本发明涉及生物基因技术领域，特别是涉及一种单细胞分选固定装置及分选固定方法。

背景技术

单细胞测序技术是指在单个细胞水平上对转录组或基因组进行扩增并测序，以检测单细胞在基因组(结构变异；拷贝数变异；单核苷酸变异等)，转录组学(RNA表达水平；转录本的选择性剪接)，表观组学(DNA甲基化等)，蛋白组学多个组学的数据。而如何快速高效的获得独立的单细胞是决定单细胞测序成功的关键。

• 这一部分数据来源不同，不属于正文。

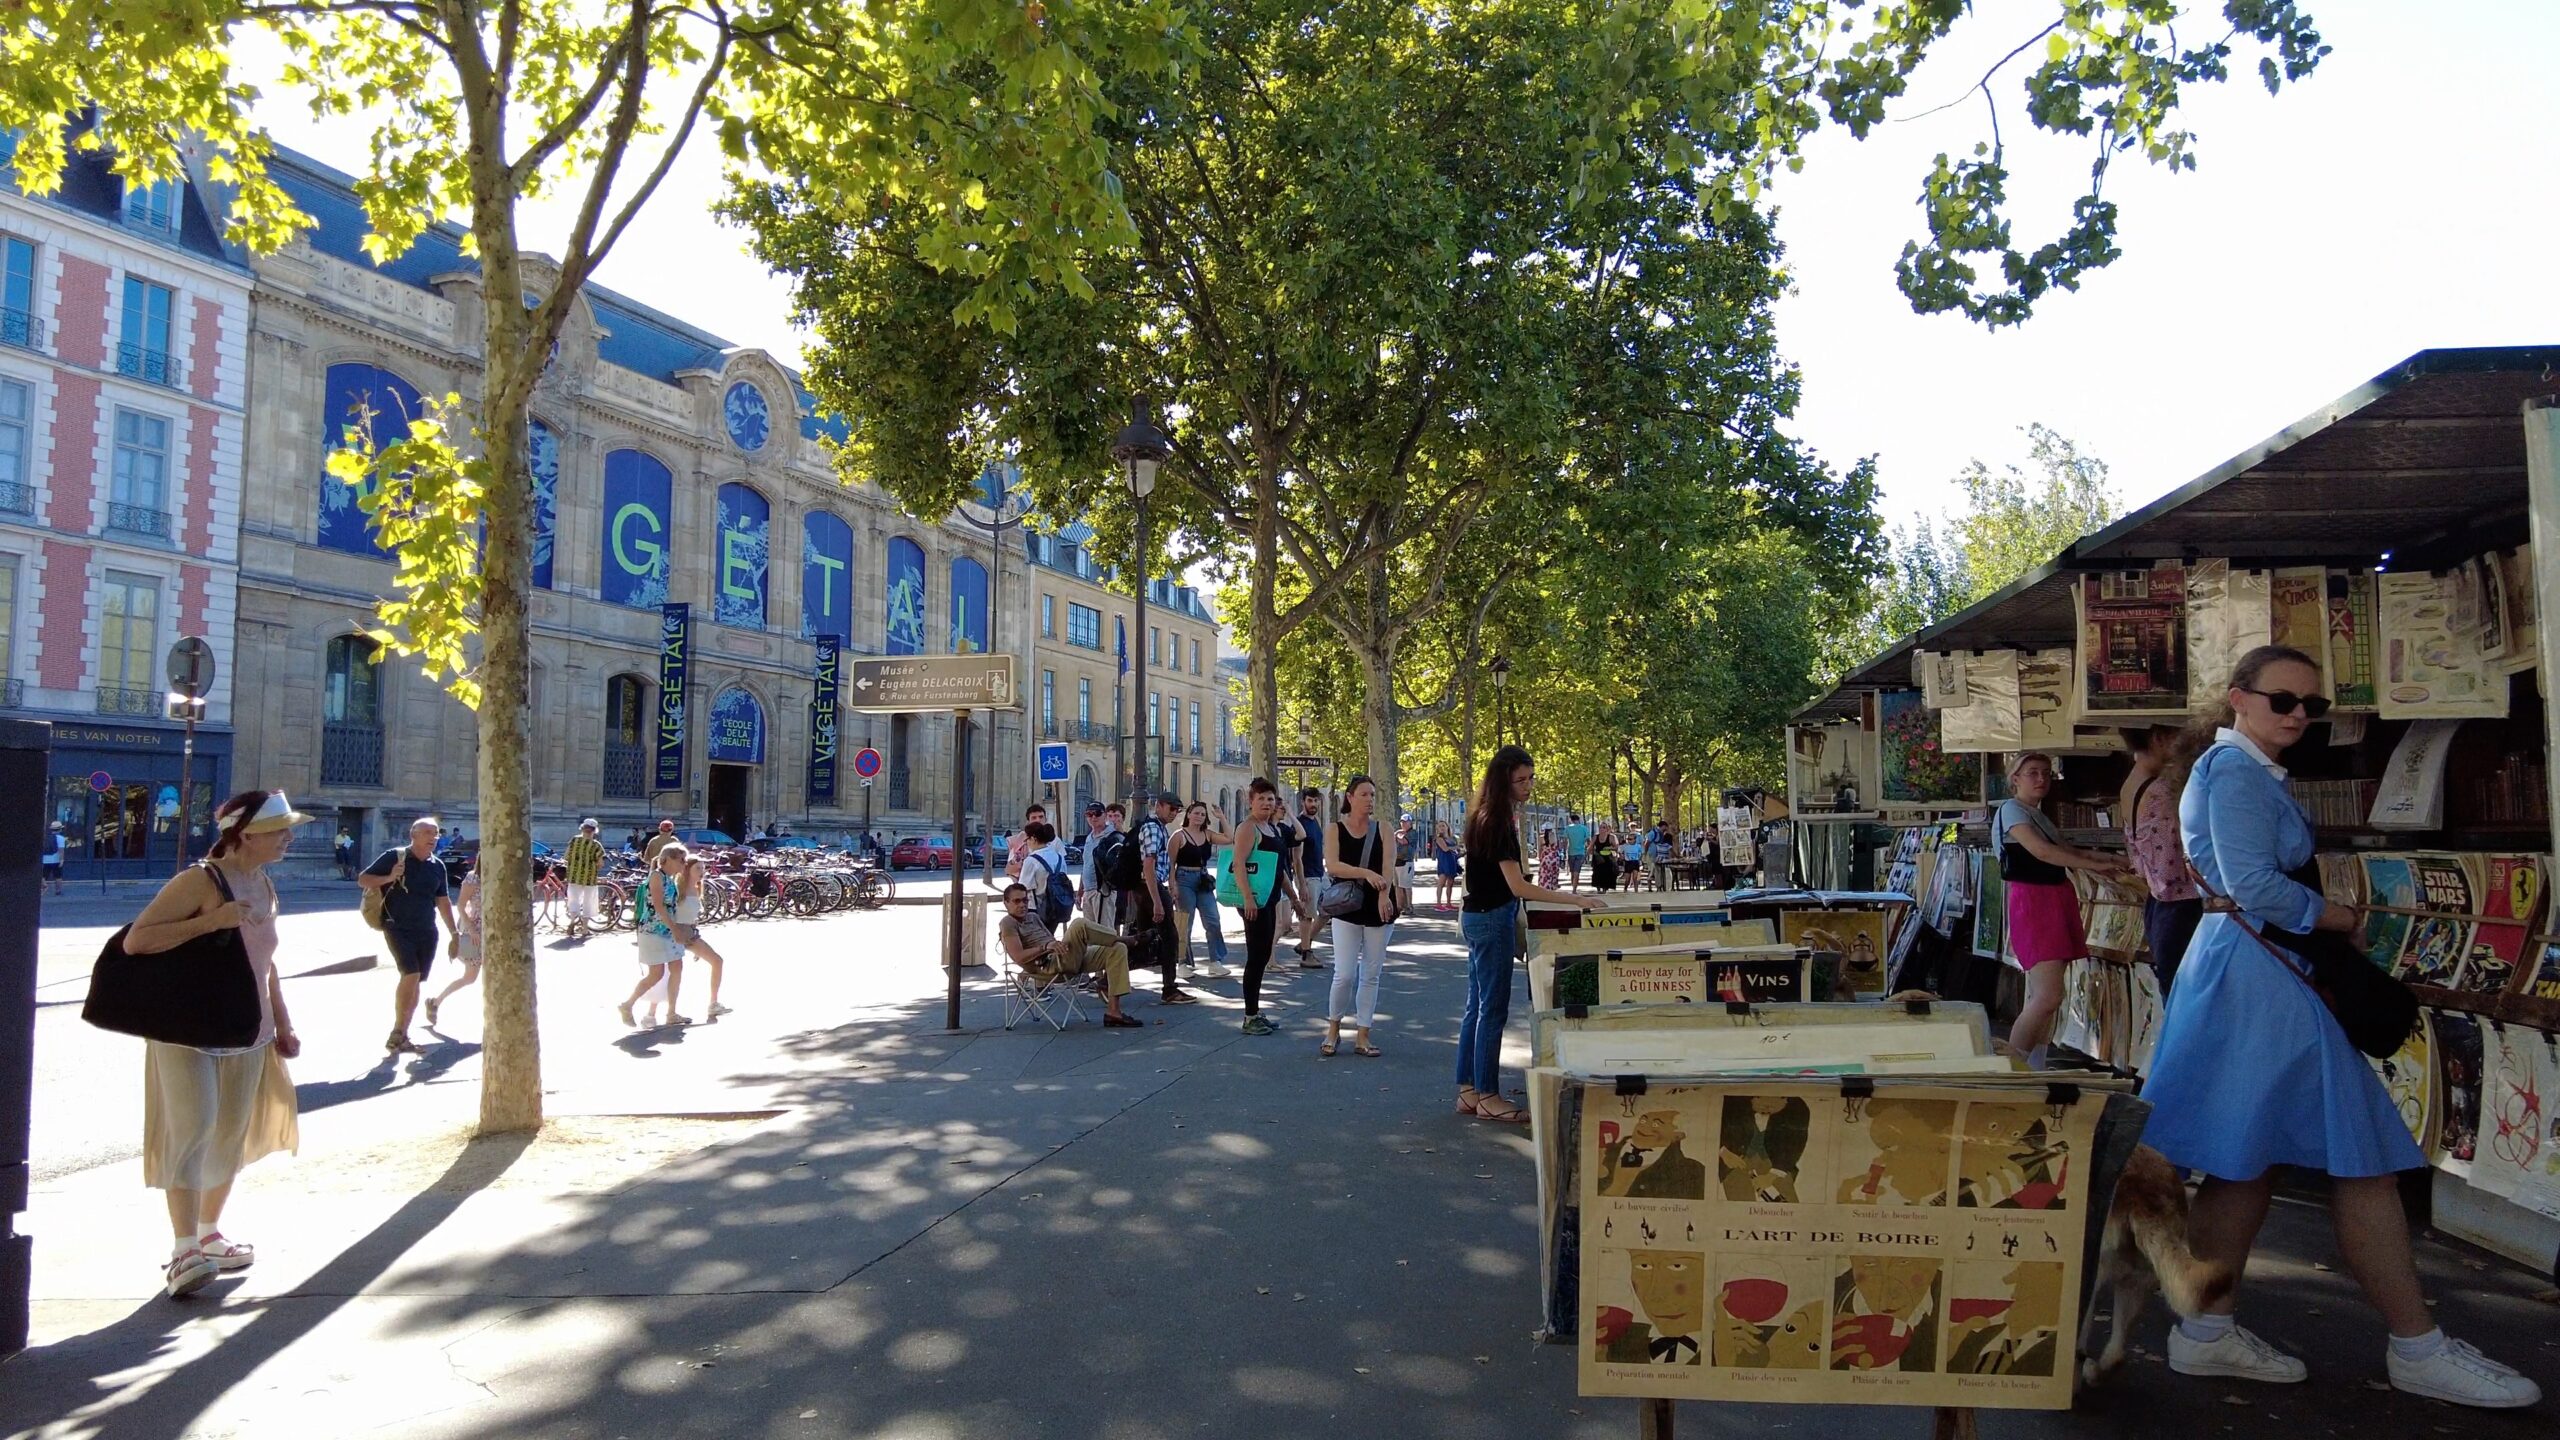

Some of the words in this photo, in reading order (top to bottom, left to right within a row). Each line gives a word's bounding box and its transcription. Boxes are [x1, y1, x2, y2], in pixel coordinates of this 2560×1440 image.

[880, 665, 914, 676] Musée
[658, 623, 684, 750] VÉGÉTAL
[880, 679, 918, 691] Eugène
[922, 677, 984, 688] DELACROIX
[891, 692, 907, 700] Rue
[911, 691, 921, 700] de
[924, 690, 978, 700] Furstemberg
[812, 652, 836, 763] VÉGÉTAL
[84, 730, 110, 741] VAN
[116, 733, 160, 745] NOTEN
[726, 728, 738, 738] DE
[738, 729, 748, 739] LA
[2424, 870, 2463, 888] STAR
[2425, 887, 2466, 905] WARS
[1655, 967, 1674, 979] day
[1678, 966, 1693, 977] for
[1745, 974, 1790, 987] VINS
[1620, 984, 1626, 992] a
[1613, 1201, 1623, 1210] Le
[1748, 1207, 1794, 1217] Déboucher
[1723, 1229, 1798, 1242] L'ART
[1810, 1230, 1845, 1243] DE
[1856, 1231, 1939, 1246] BOIRE
[1606, 1368, 1654, 1380] Préparation
[1657, 1371, 1690, 1380] mentale
[1731, 1371, 1757, 1381] Plaisir
[1852, 1375, 1879, 1385] Plaisir
[1881, 1375, 1893, 1385] du
[1957, 1377, 1987, 1388] Plaisir
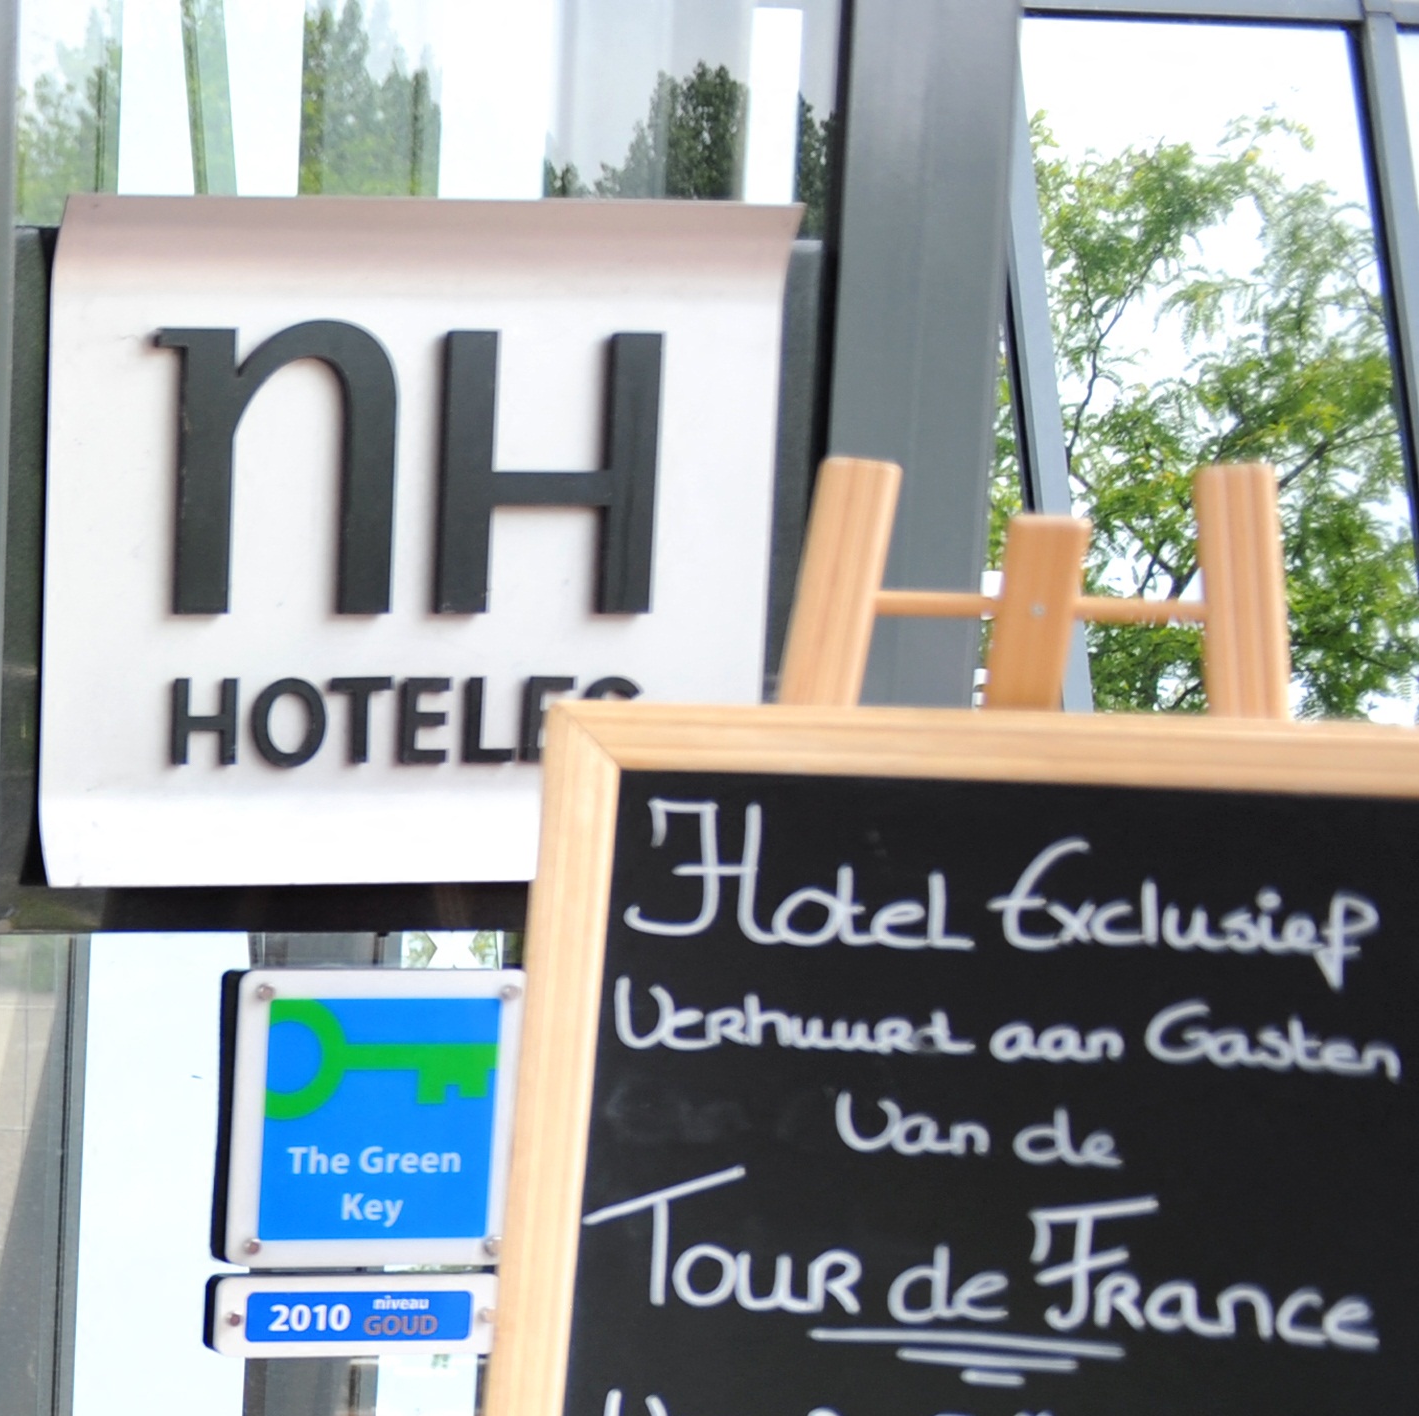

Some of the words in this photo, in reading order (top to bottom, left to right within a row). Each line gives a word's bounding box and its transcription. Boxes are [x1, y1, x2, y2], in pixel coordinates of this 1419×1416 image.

[170, 675, 644, 769] HOTELE
[623, 798, 975, 950] Hotel
[987, 837, 1380, 990] Exclusief
[989, 1021, 1124, 1061] aan
[1145, 999, 1401, 1080] Gasten
[287, 1145, 350, 1175] The
[358, 1146, 462, 1174] Green
[1013, 1107, 1124, 1168] de
[340, 1193, 404, 1227] Key
[582, 1166, 862, 1314] Tour
[886, 1245, 1010, 1322] de
[1029, 1196, 1380, 1349] France
[268, 1303, 351, 1333] 2010
[363, 1315, 438, 1336] GOUD
[373, 1296, 429, 1310] niveau

现有技术采用的是BD捕获单细胞方法，它是基于蜂巢板的分选系统。蜂巢板上每个孔的大小比一个细胞稍微大一些，可以同时放下一个细胞和一个凝胶微珠。它的操作是细胞悬液经注入孔注入后，自然沉降到反应孔中，随后，Beads同样由注入孔注入，即可在单个反应孔中捕获其中的细胞。这里的Beads是刚性Beads，无磁性，然后洗去多余的凝胶微珠，从而达到单细胞捕获的目的。但是BD捕获单细胞方法具有以下缺点：a).通用性不强，对细胞大小有限定：由于目前的蜂巢板孔的构造是直立型圆孔，该构造限制了对不同大小细胞通用性，该构造一般适用小于40微米细胞，对于稍大一点的细胞，其单细胞捕获效率会大大降低，而对于过小的细胞，则很容易使板孔内装入多个细胞，明显提高多胞率。b).无法去除破碎细胞和游离DNA：前期细胞悬液制备过程中，很容易导致一些细胞破碎和死亡，导致悬液中掺杂着很多游离RNA/DNA，目前的方法没有对蜂巢板孔内细胞悬液清晰的步骤，导致非细胞内部的RNA/DNA混入后续单细胞测序中，对后续分析产生很大干扰。

发明内容

有鉴于此，本发明提供一种单细胞分选固定装置及分选固定方法，主要目的在于提供一种能够显著提高试验速度，能够显著提升单细胞捕获率，降低多胞率，且有效去除破碎细胞和游离RNA/DNA的单细胞分选固定装置及分选固定方法。

为达到上述目的，本发明主要提供如下技术方案：

一方面，本发明的实施例提供一种单细胞分选固定装置。其包括：

单细胞分选固定体，其为圆柱型结构并采用矩阵孔板制成；

所述矩阵孔板上设置有若干个矩阵孔，所述矩阵孔位于所述单细胞分选固定体内表面处的孔径大于所述矩阵孔位于所述单细胞分选固定体外表面处的孔径；所述矩阵孔内的内表面采用阶梯两段式内表面设计，所述矩阵孔内的内表面包括第一段内表面和位于所述第一段内表面下方的第二段内表面，所述第一段内表面与所述矩阵孔板底面的夹角小于第二段内表面与所述矩阵孔板底面的夹角；所述矩阵孔板内外表面均通过硅氢加成反应在其表面接枝生物素化牛血清白蛋白，通过激光销蚀将通过硅氢加成反应在其表面接枝生物素化牛血清白蛋白的所述矩阵孔板内外表面除第二段内表面外进行光刻制备出化学成分异质的细胞非粘附面，通过所述硅氢加成反应在其表面接枝生物素化牛血清白蛋白的第二段内表面未进行激光销蚀光刻形成细胞粘附面。

如前所述的，所述矩阵孔板以聚二甲基硅氧烷和Fe₃O₄纳米颗粒混合形成的复合材料为基材注形并打孔形成的。

如前所述的，所述矩阵孔板以聚二甲基硅氧烷和含有Fe、Co、Ni的顺磁材料混合形成的复合材料为基材注形并打孔形成的。

如前所述的，所述矩阵孔的尺寸为200*200微米大小。